** AIM OF THE EXERCISE **
All entries are to be reproduced exactly; the pictures are to be omitted.

--- SUPPLIED MATERIAL ---

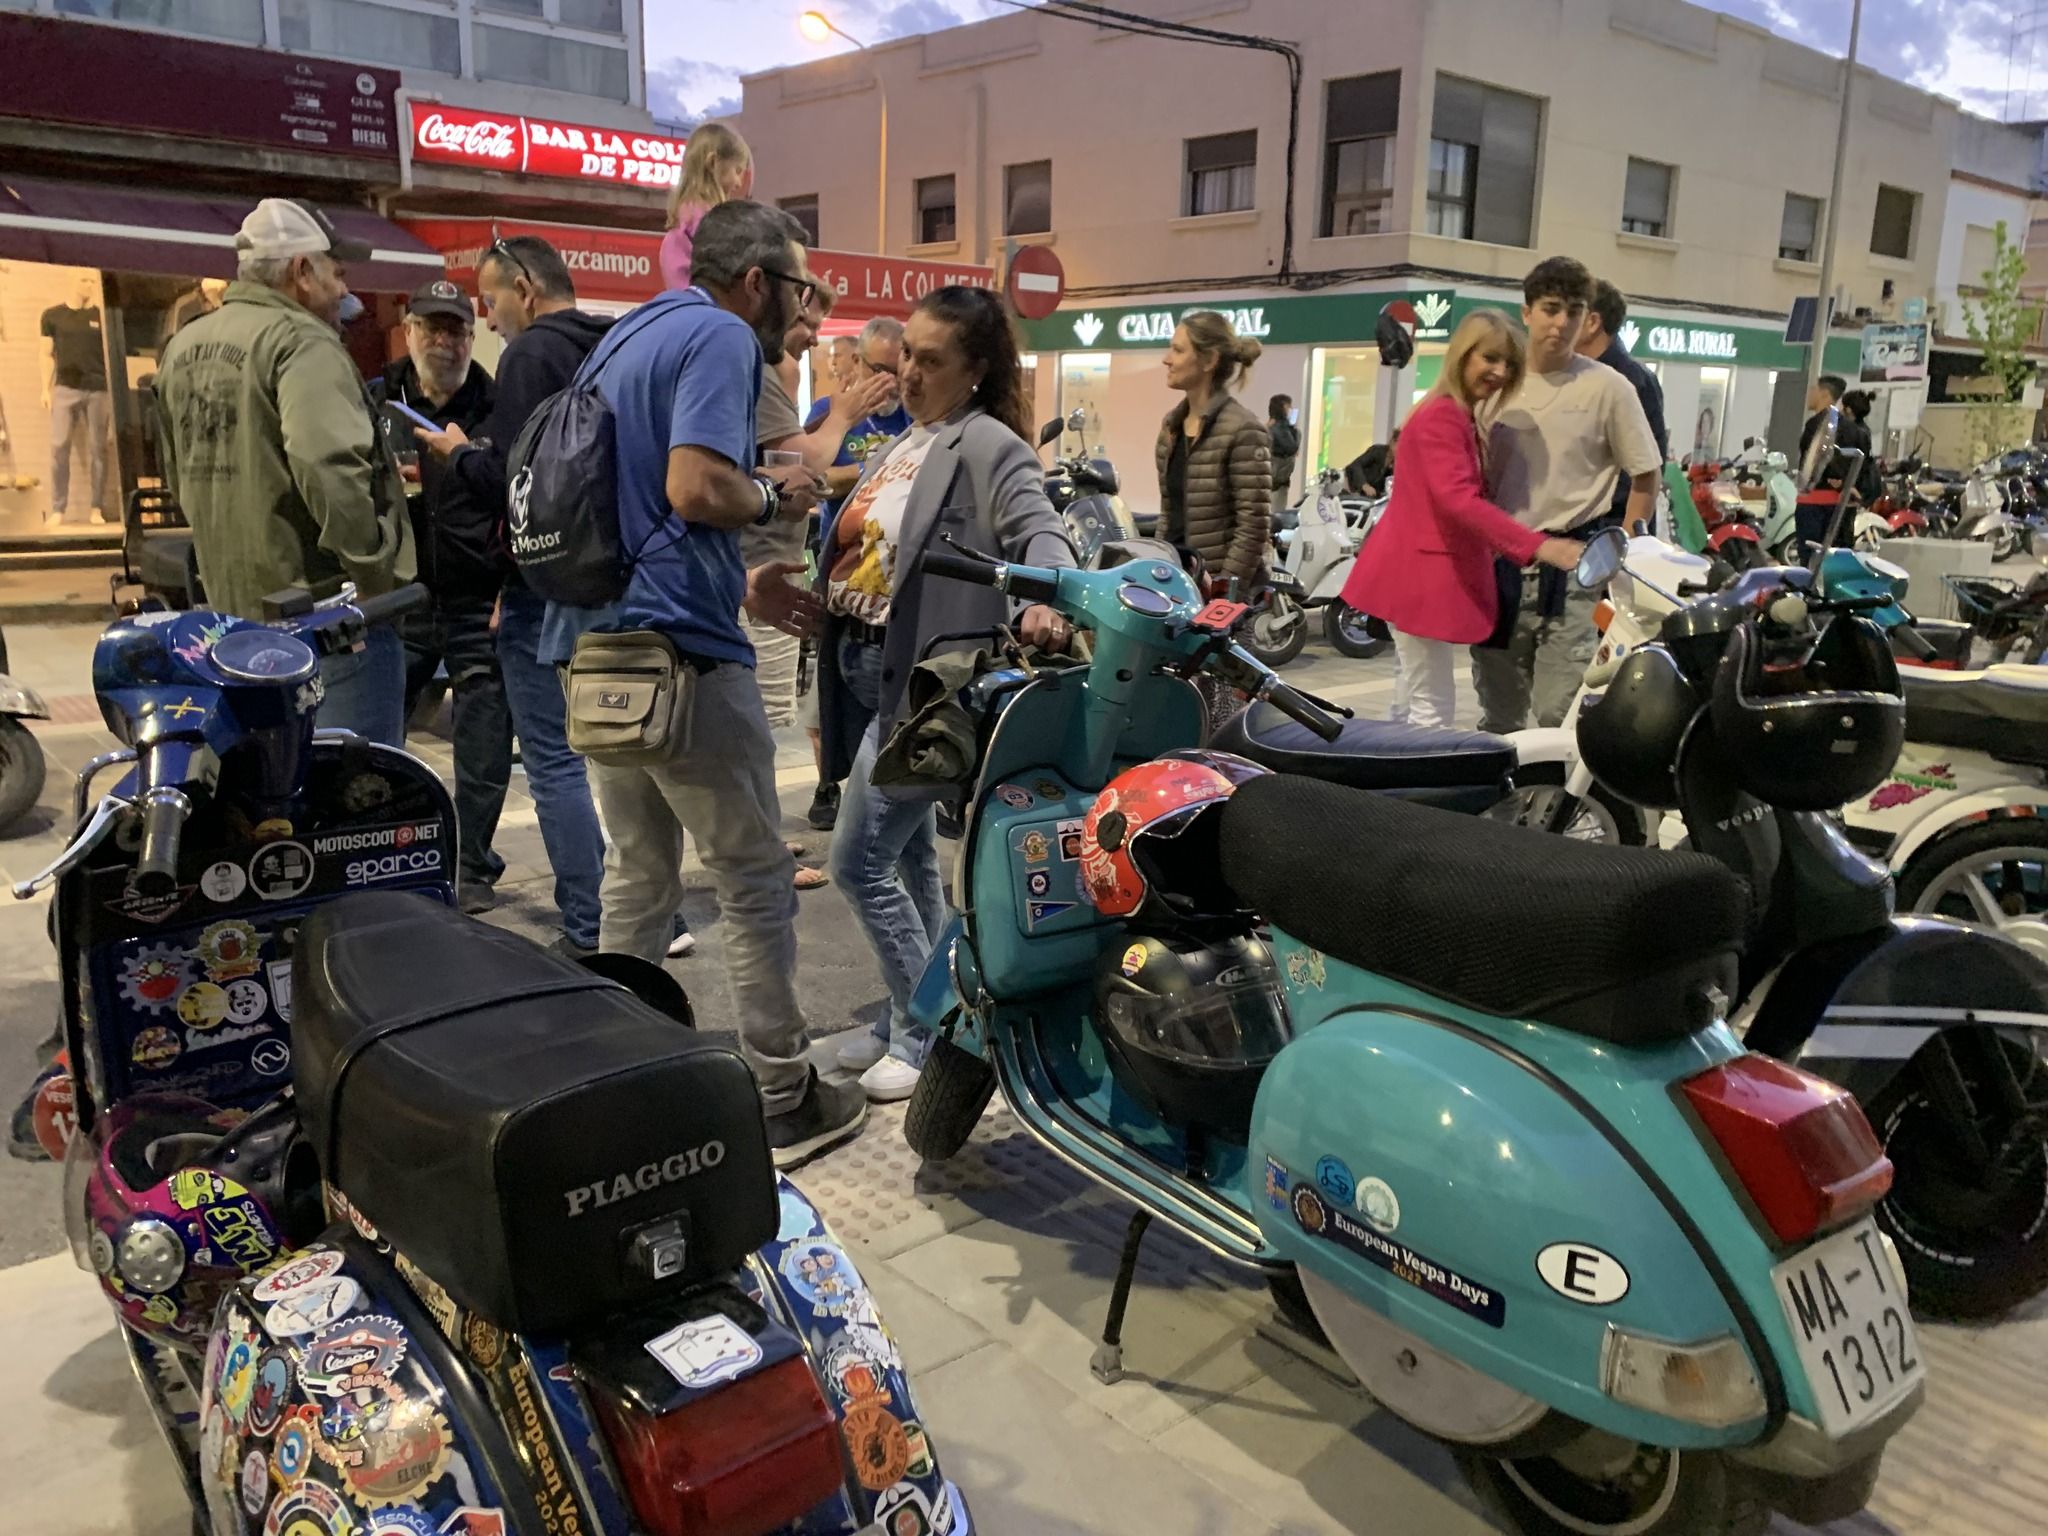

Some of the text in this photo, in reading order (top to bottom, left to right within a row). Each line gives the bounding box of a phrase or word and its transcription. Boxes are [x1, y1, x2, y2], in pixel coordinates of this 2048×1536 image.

[352, 113, 384, 126] REPLAY
[352, 129, 387, 144] DIESEL
[418, 114, 516, 159] Coca-Cola
[530, 123, 588, 151] BAR
[592, 132, 628, 156] LA
[581, 154, 616, 177] DE
[866, 268, 893, 299] LA
[1118, 311, 1176, 342] CAJA
[1648, 326, 1738, 357] CAJA RURAL
[518, 531, 561, 553] Motor
[313, 823, 440, 854] MOTOSCOOT NET
[346, 850, 441, 884] sparco
[564, 1140, 726, 1218] PIAGGIO
[240, 1200, 276, 1247] HELMETS
[1334, 1211, 1400, 1260] European
[1401, 1247, 1447, 1285] Vespa
[1450, 1273, 1490, 1306] Days
[1392, 1261, 1422, 1286] 2022
[1563, 1249, 1600, 1297] E
[1786, 1229, 1886, 1342] MA-T
[1822, 1306, 1917, 1415] 1312
[509, 1362, 562, 1496] European
[397, 1461, 434, 1482] ELCHE
[535, 1490, 562, 1536] 202
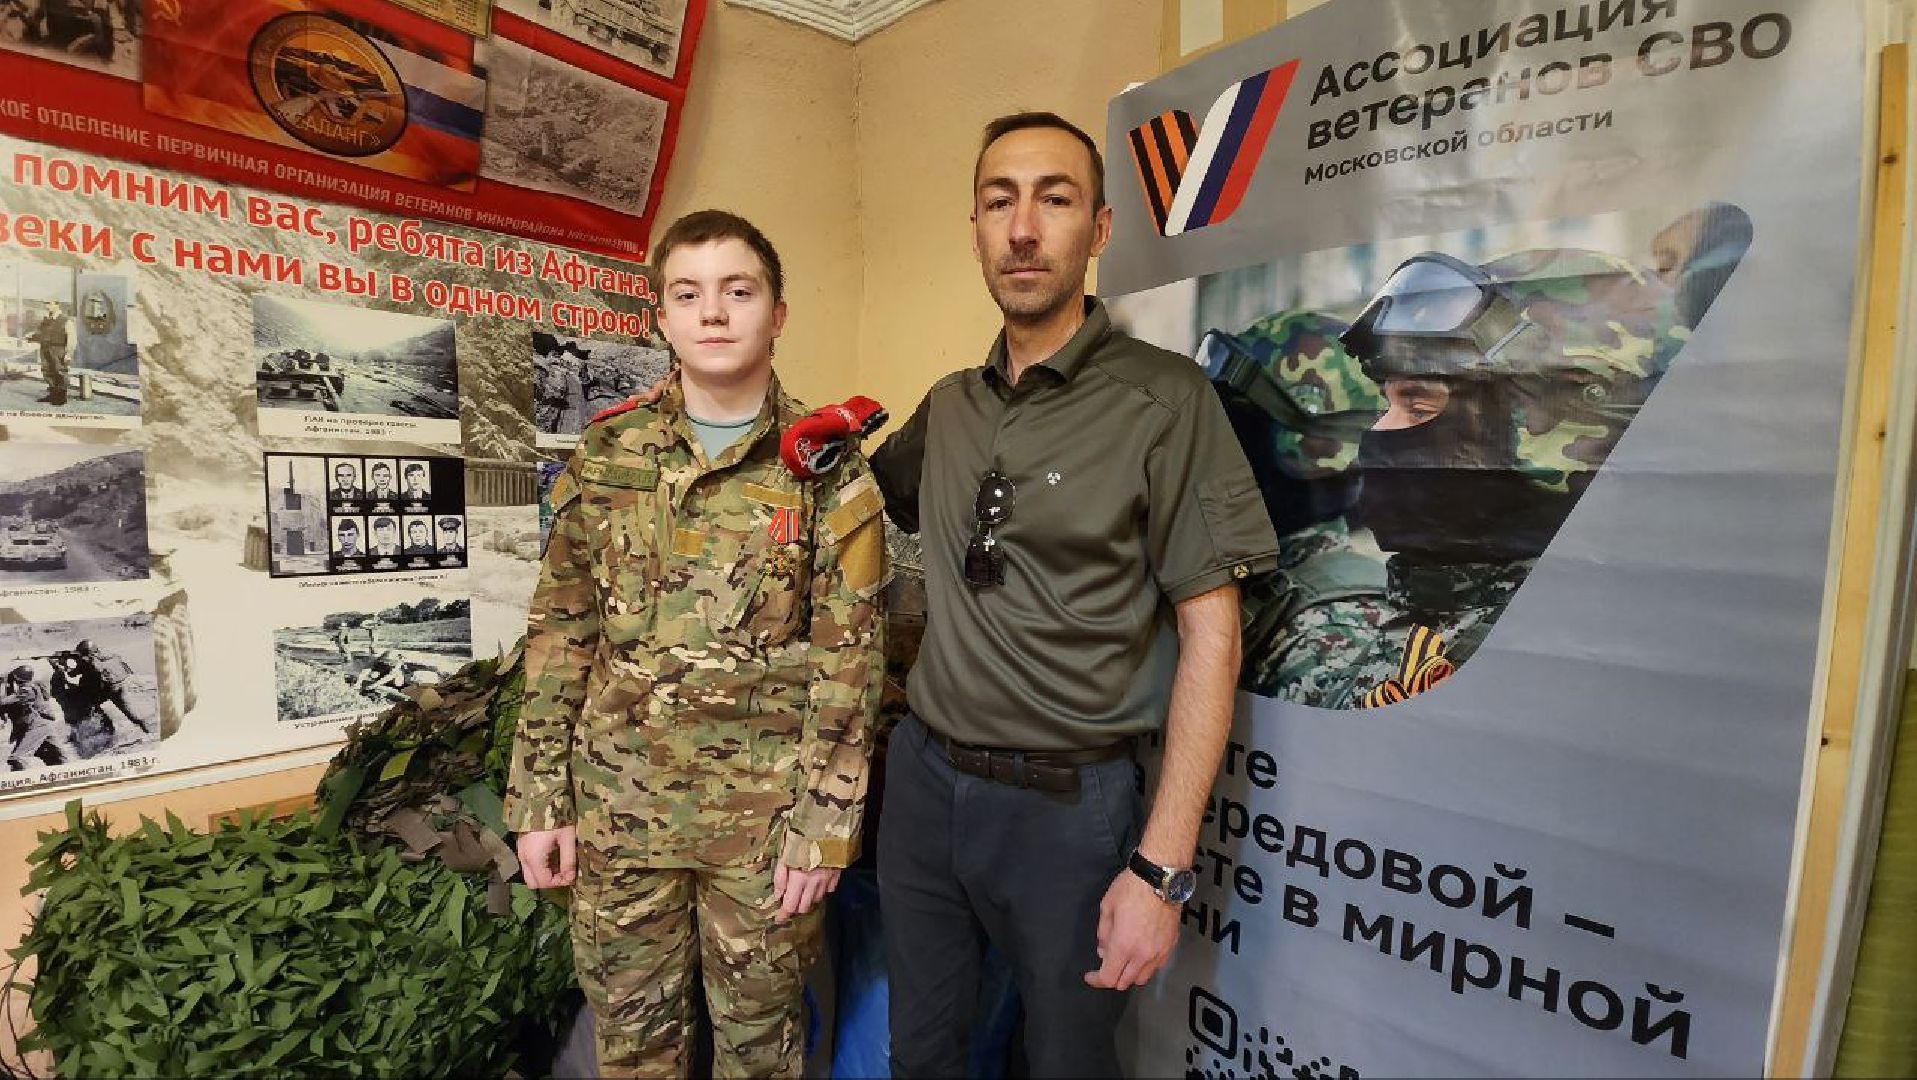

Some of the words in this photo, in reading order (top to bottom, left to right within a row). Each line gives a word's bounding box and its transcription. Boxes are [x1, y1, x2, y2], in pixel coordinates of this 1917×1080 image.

[1307, 53, 1612, 149] ветеранов
[1637, 13, 1792, 76] СВО
[1310, 0, 1677, 106] Ассоциация
[37, 107, 151, 147] ОТДЕЛЕНИЕ
[157, 135, 268, 175] ПЕРВИЧНАЯ
[275, 164, 390, 201] ОРГАНИЗАЦИЯ
[395, 193, 472, 221] ВЕТЕРАНОВ
[1304, 130, 1468, 185] Московской
[1477, 109, 1613, 147] области
[13, 153, 230, 220] помним
[248, 197, 337, 245] вас,
[348, 216, 484, 268] ребята
[495, 246, 533, 276] из
[540, 249, 656, 304] Афгана,
[132, 232, 156, 263] с
[174, 238, 302, 285] нами
[318, 262, 378, 298] вы
[390, 273, 413, 303] в
[424, 280, 542, 322] одном
[551, 301, 651, 338] строю!
[1203, 796, 1533, 929] редовой
[1283, 884, 1318, 927] в
[1342, 903, 1690, 1060] мирной

---

** WORKED SOLUTION **
Some of the text in this photo, in reading order (top to bottom, left to right within a row). Each line gives the bounding box of a phrase or word and its transcription. Boxes are [x1, y1, x2, y2], in pixel coordinates of this 2048×1536 image.

[352, 113, 384, 126] REPLAY
[352, 129, 387, 144] DIESEL
[418, 114, 516, 159] Coca-Cola
[530, 123, 588, 151] BAR
[592, 132, 628, 156] LA
[581, 154, 616, 177] DE
[866, 268, 893, 299] LA
[1118, 311, 1176, 342] CAJA
[1648, 326, 1738, 357] CAJA RURAL
[518, 531, 561, 553] Motor
[313, 823, 440, 854] MOTOSCOOT NET
[346, 850, 441, 884] sparco
[564, 1140, 726, 1218] PIAGGIO
[240, 1200, 276, 1247] HELMETS
[1334, 1211, 1400, 1260] European
[1401, 1247, 1447, 1285] Vespa
[1450, 1273, 1490, 1306] Days
[1392, 1261, 1422, 1286] 2022
[1563, 1249, 1600, 1297] E
[1786, 1229, 1886, 1342] MA-T
[1822, 1306, 1917, 1415] 1312
[509, 1362, 562, 1496] European
[397, 1461, 434, 1482] ELCHE
[535, 1490, 562, 1536] 202

Some of the words in this photo, in reading order (top to bottom, left to right within a row). Each line gives a word's bounding box and its transcription. Boxes are [x1, y1, x2, y2], in pixel coordinates of this 1917×1080 image.

[1307, 53, 1612, 149] ветеранов
[1637, 13, 1792, 76] СВО
[1310, 0, 1677, 106] Ассоциация
[37, 107, 151, 147] ОТДЕЛЕНИЕ
[157, 135, 268, 175] ПЕРВИЧНАЯ
[275, 164, 390, 201] ОРГАНИЗАЦИЯ
[395, 193, 472, 221] ВЕТЕРАНОВ
[1304, 130, 1468, 185] Московской
[1477, 109, 1613, 147] области
[13, 153, 230, 220] помним
[248, 197, 337, 245] вас,
[348, 216, 484, 268] ребята
[495, 246, 533, 276] из
[540, 249, 656, 304] Афгана,
[132, 232, 156, 263] с
[174, 238, 302, 285] нами
[318, 262, 378, 298] вы
[390, 273, 413, 303] в
[424, 280, 542, 322] одном
[551, 301, 651, 338] строю!
[1203, 796, 1533, 929] редовой
[1283, 884, 1318, 927] в
[1342, 903, 1690, 1060] мирной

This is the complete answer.